▶ Aim of the task
Quote, exactly, the line holding "Some of the words" and all lines after it to the end of the records below. Exclude pictures.

▶ Saved data entries
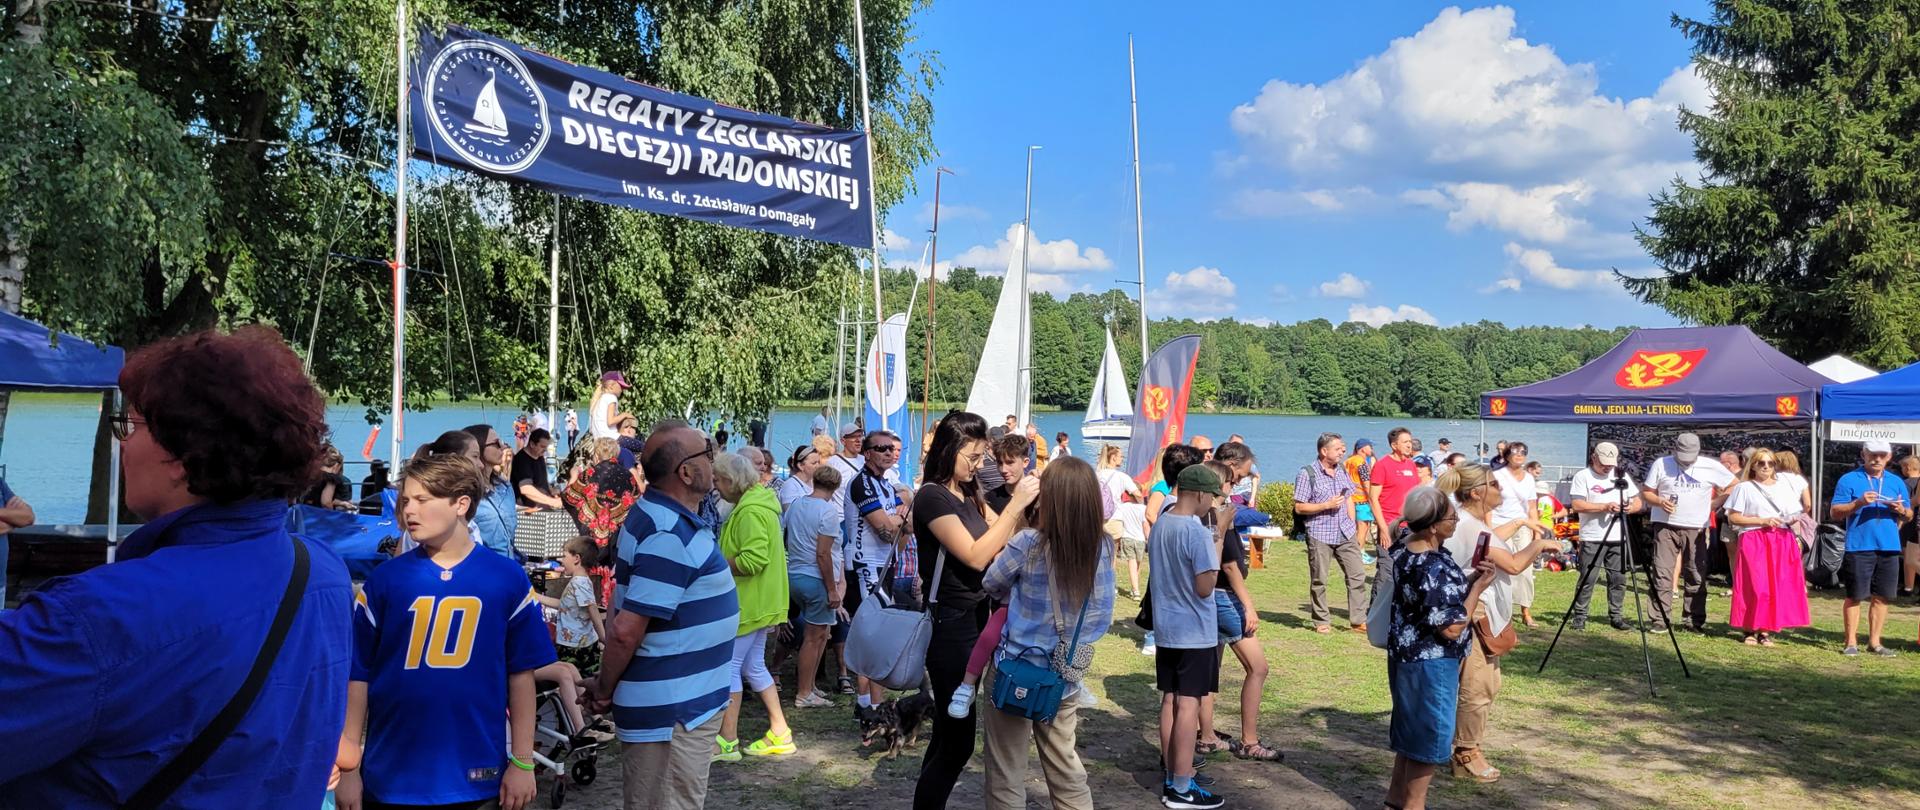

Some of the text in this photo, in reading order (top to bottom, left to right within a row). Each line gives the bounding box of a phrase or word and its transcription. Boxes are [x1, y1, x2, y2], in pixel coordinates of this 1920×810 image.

[568, 80, 852, 169] REGATY ŻEGLARSKIE
[561, 116, 859, 210] DIECEZJI RADOMSKIEJ
[622, 180, 816, 230] im. Ks. dr. Zdzisława Domagały
[1573, 404, 1693, 415] GMINA JEDLNIA-LETNISKO
[404, 595, 483, 670] 10
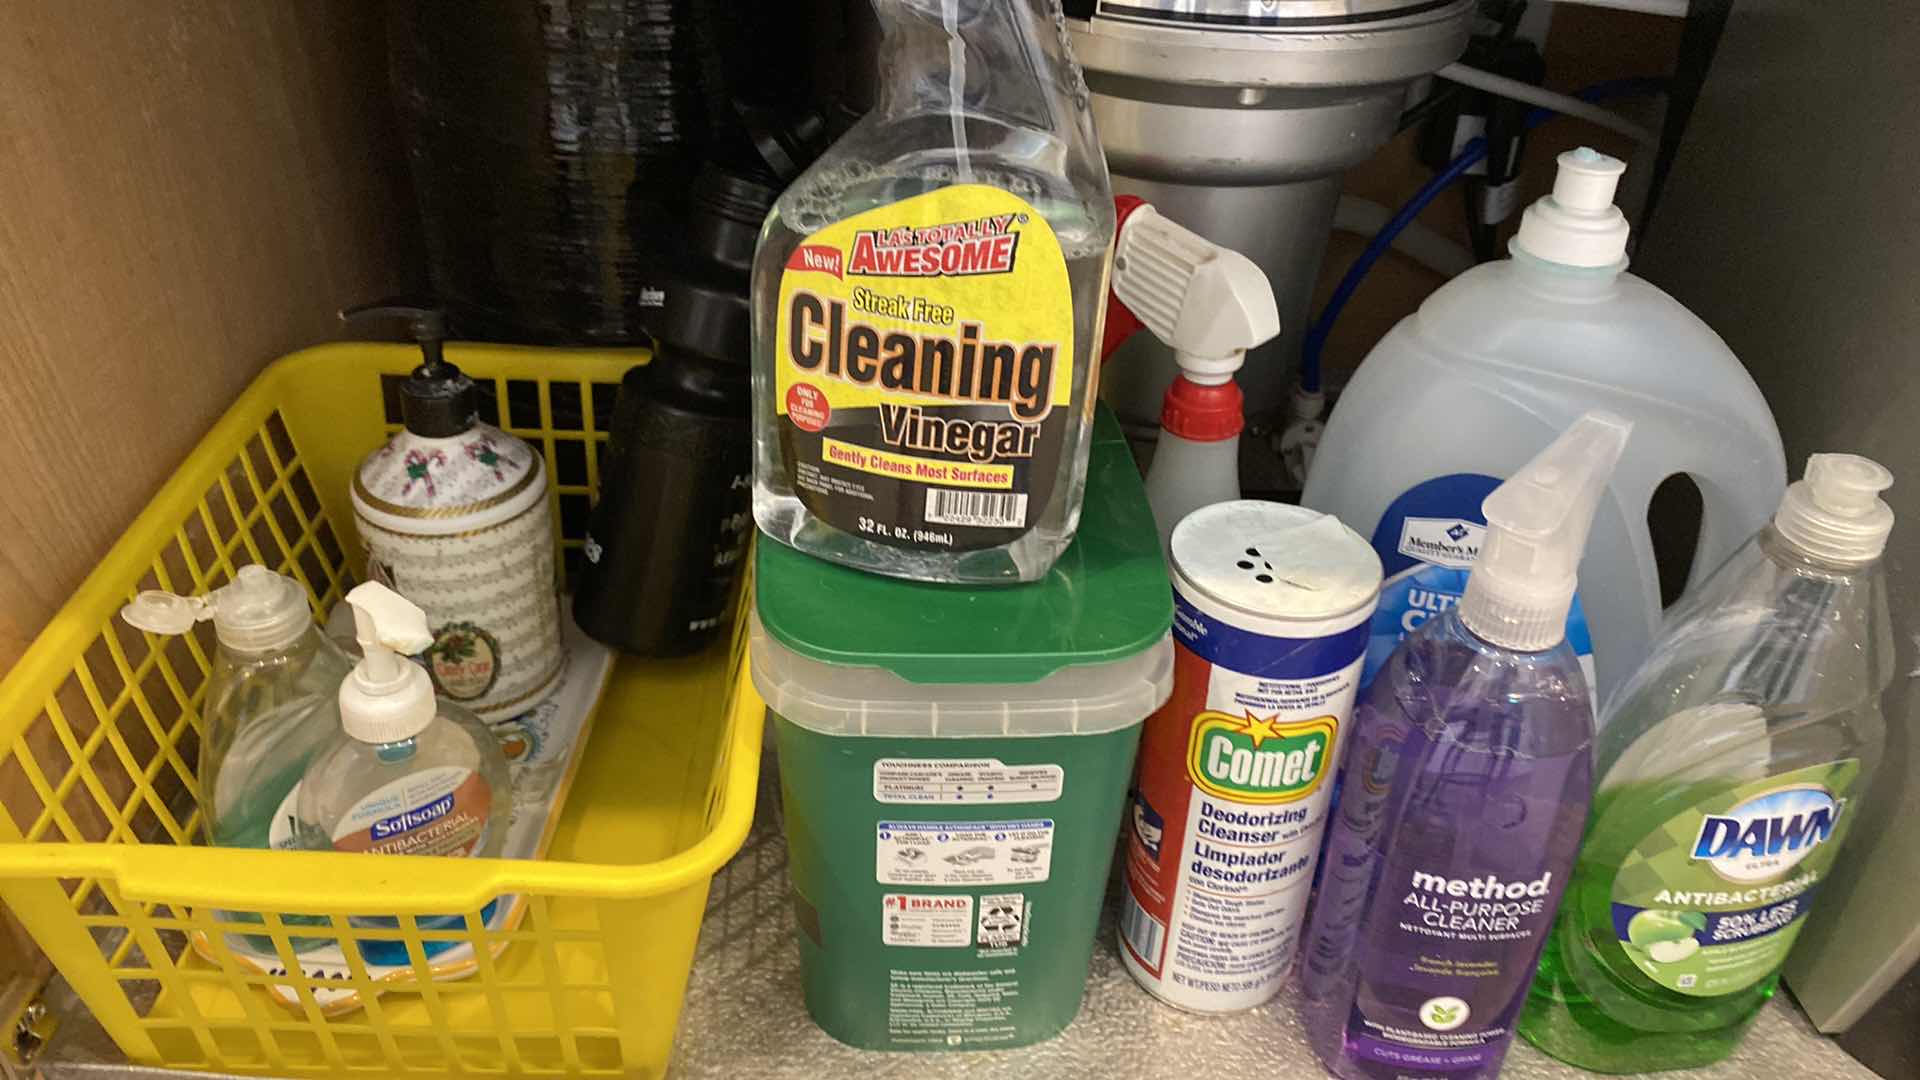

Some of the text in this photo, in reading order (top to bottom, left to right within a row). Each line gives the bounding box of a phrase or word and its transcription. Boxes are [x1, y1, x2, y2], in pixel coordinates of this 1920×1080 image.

[915, 213, 1016, 245] TOTALLY
[803, 248, 841, 273] New!
[848, 230, 1019, 277] AWESOME
[853, 286, 955, 325] Streak Free
[790, 290, 1058, 422] Cleaning
[796, 385, 818, 400] ONLY
[879, 403, 1041, 463] Vinegar
[829, 445, 867, 468] Gently
[870, 455, 912, 475] Cleans
[915, 463, 948, 480] Most
[951, 467, 1009, 485] Surfaces
[857, 516, 953, 546] 32 FL. OZ. (946mL)
[1408, 589, 1462, 612] ULT
[1207, 735, 1321, 788] Comet
[375, 799, 452, 837] Softsoap
[1200, 801, 1308, 828] Deodorizing
[1197, 818, 1281, 844] Cleanser
[1690, 801, 1843, 860] DAWN
[1191, 854, 1309, 884] desodorizante
[1193, 841, 1287, 867] Limpiador
[1412, 870, 1553, 900] method
[1654, 870, 1818, 905] ANTIBACTERIAL
[885, 895, 967, 911] #1 BRAND
[1403, 892, 1545, 917] ALL-PURPOSE
[1421, 911, 1521, 932] CLEANER
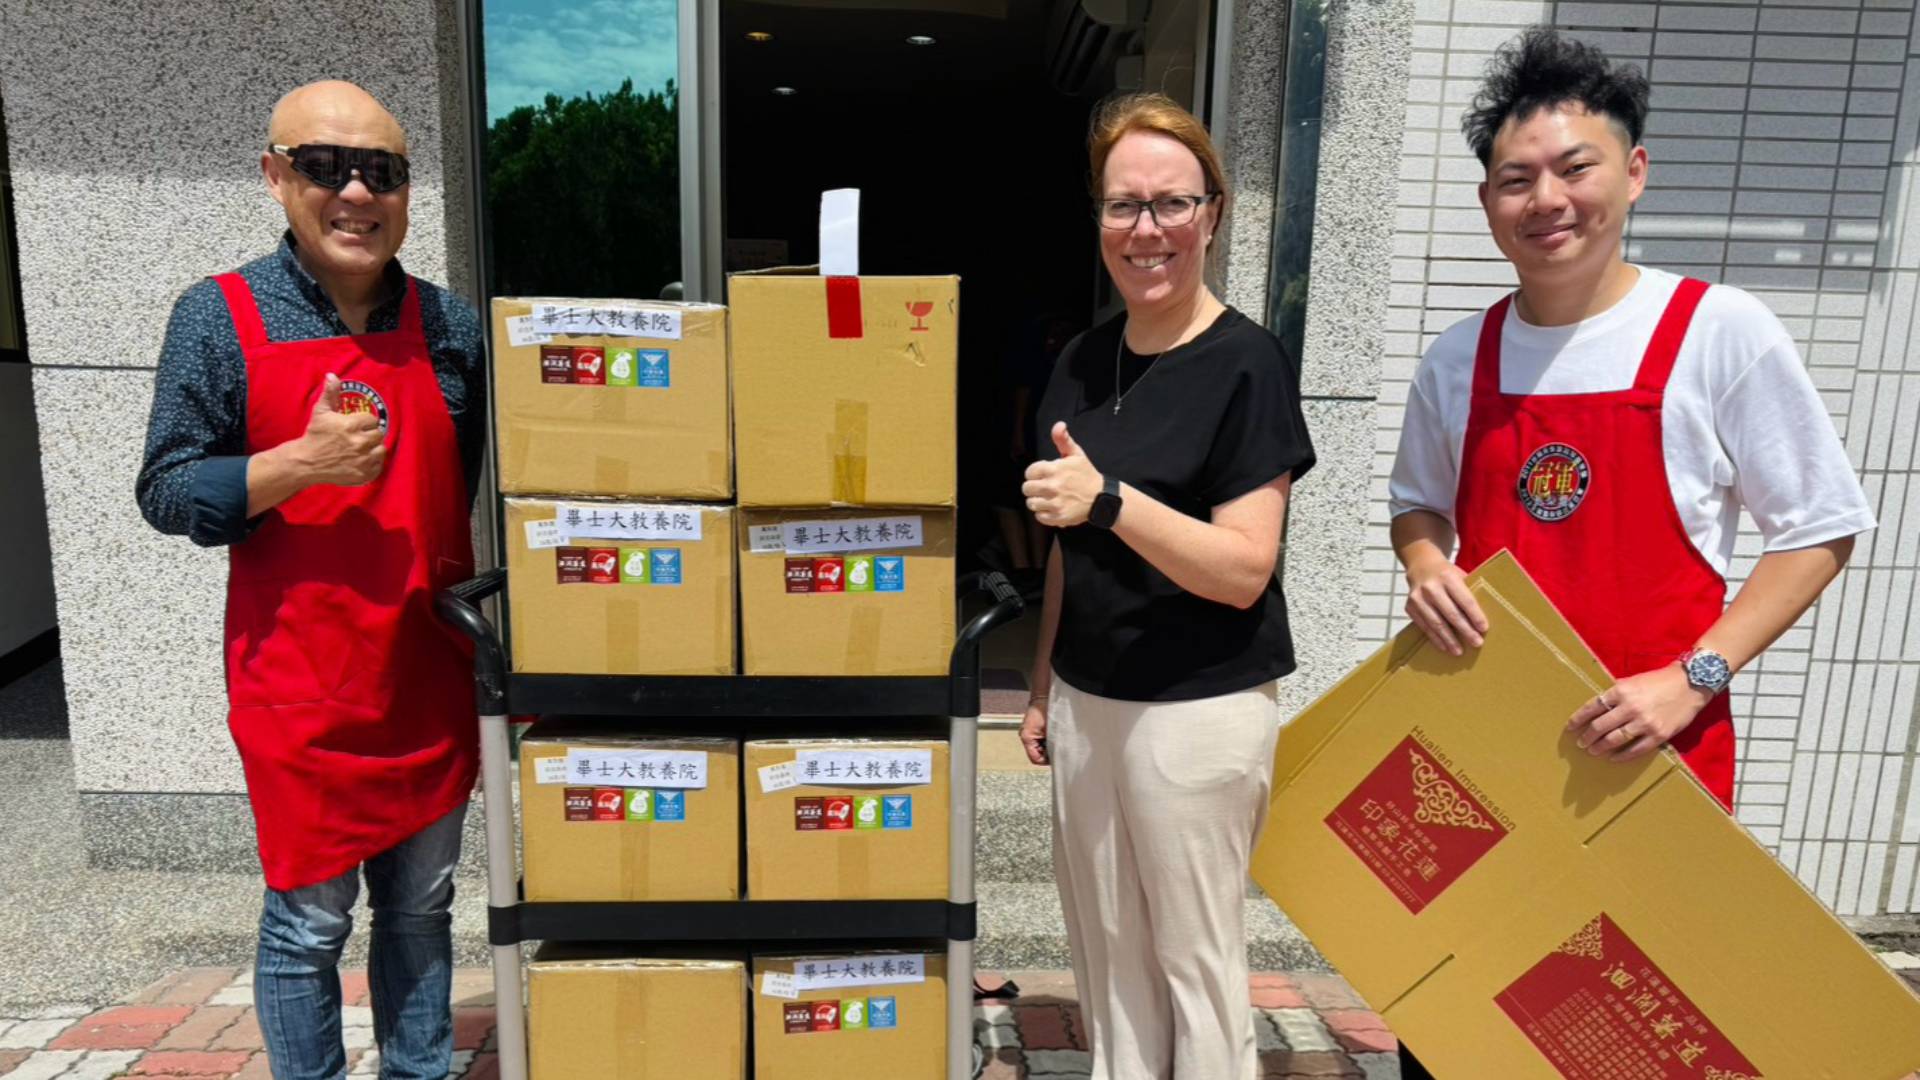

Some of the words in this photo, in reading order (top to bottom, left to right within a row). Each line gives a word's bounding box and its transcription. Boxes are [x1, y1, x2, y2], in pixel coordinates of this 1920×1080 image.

[541, 306, 673, 332] 畢士大教養院
[566, 509, 693, 531] 畢士大教養院
[793, 522, 914, 546] 畢士大教養院
[576, 759, 698, 780] 畢士大教養院
[804, 760, 923, 779] 畢士大教養院
[1411, 725, 1453, 769] Hualien
[1456, 769, 1516, 831] Impression
[1360, 799, 1440, 882] 印象花蓮
[803, 959, 917, 980] 畢士大教養院
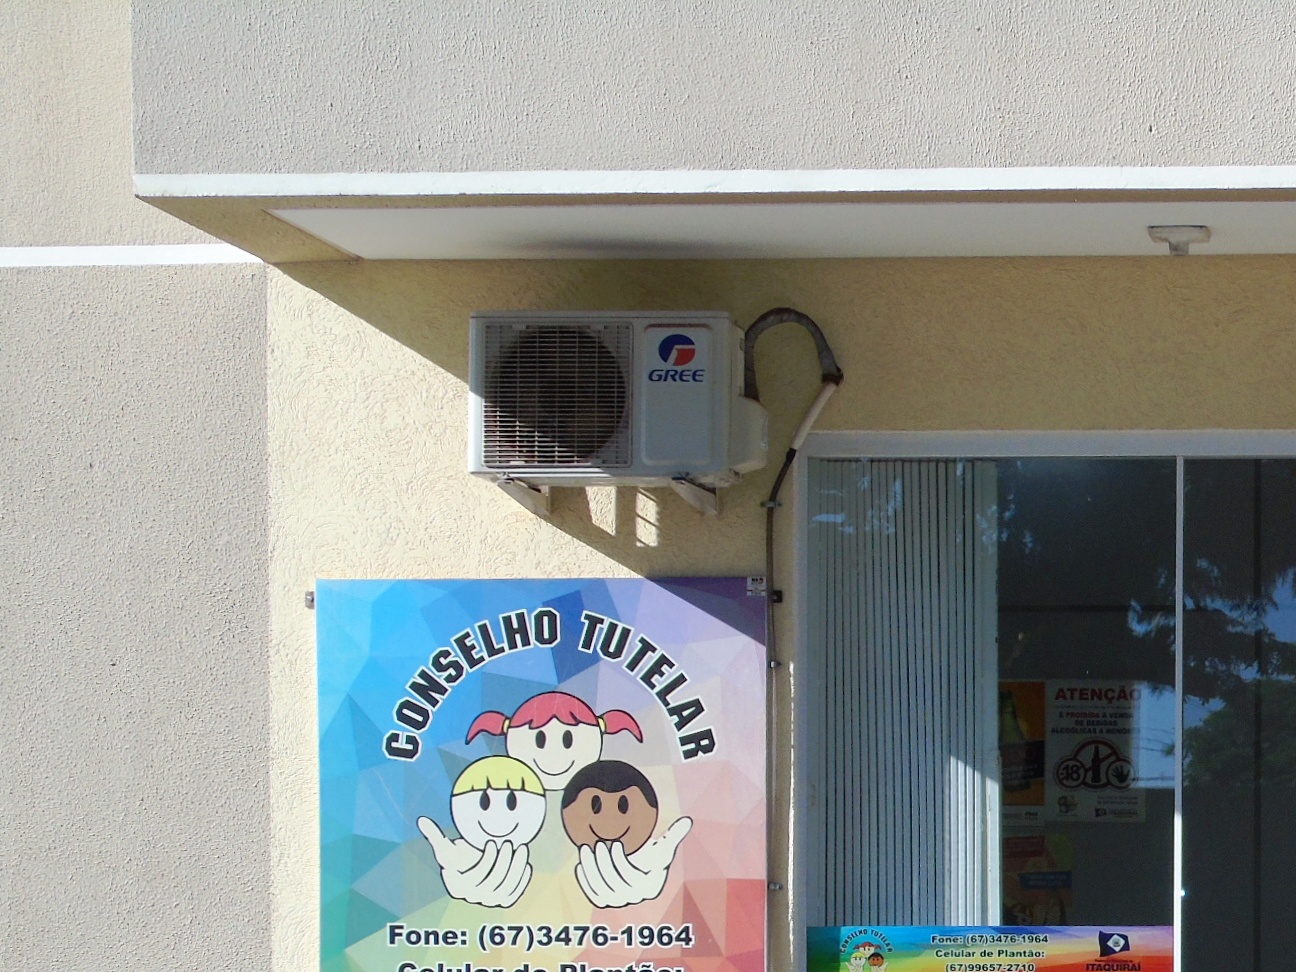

▶ Answer section
Some of the words in this photo, in reading order (top to bottom, left to right within a row). Each line gives a word's bounding box and its transcription. Boxes are [x1, y1, x2, y2], in pixel coordinates of this 1920×1080 image.

[541, 306, 673, 332] 畢士大教養院
[566, 509, 693, 531] 畢士大教養院
[793, 522, 914, 546] 畢士大教養院
[576, 759, 698, 780] 畢士大教養院
[804, 760, 923, 779] 畢士大教養院
[1411, 725, 1453, 769] Hualien
[1456, 769, 1516, 831] Impression
[1360, 799, 1440, 882] 印象花蓮
[803, 959, 917, 980] 畢士大教養院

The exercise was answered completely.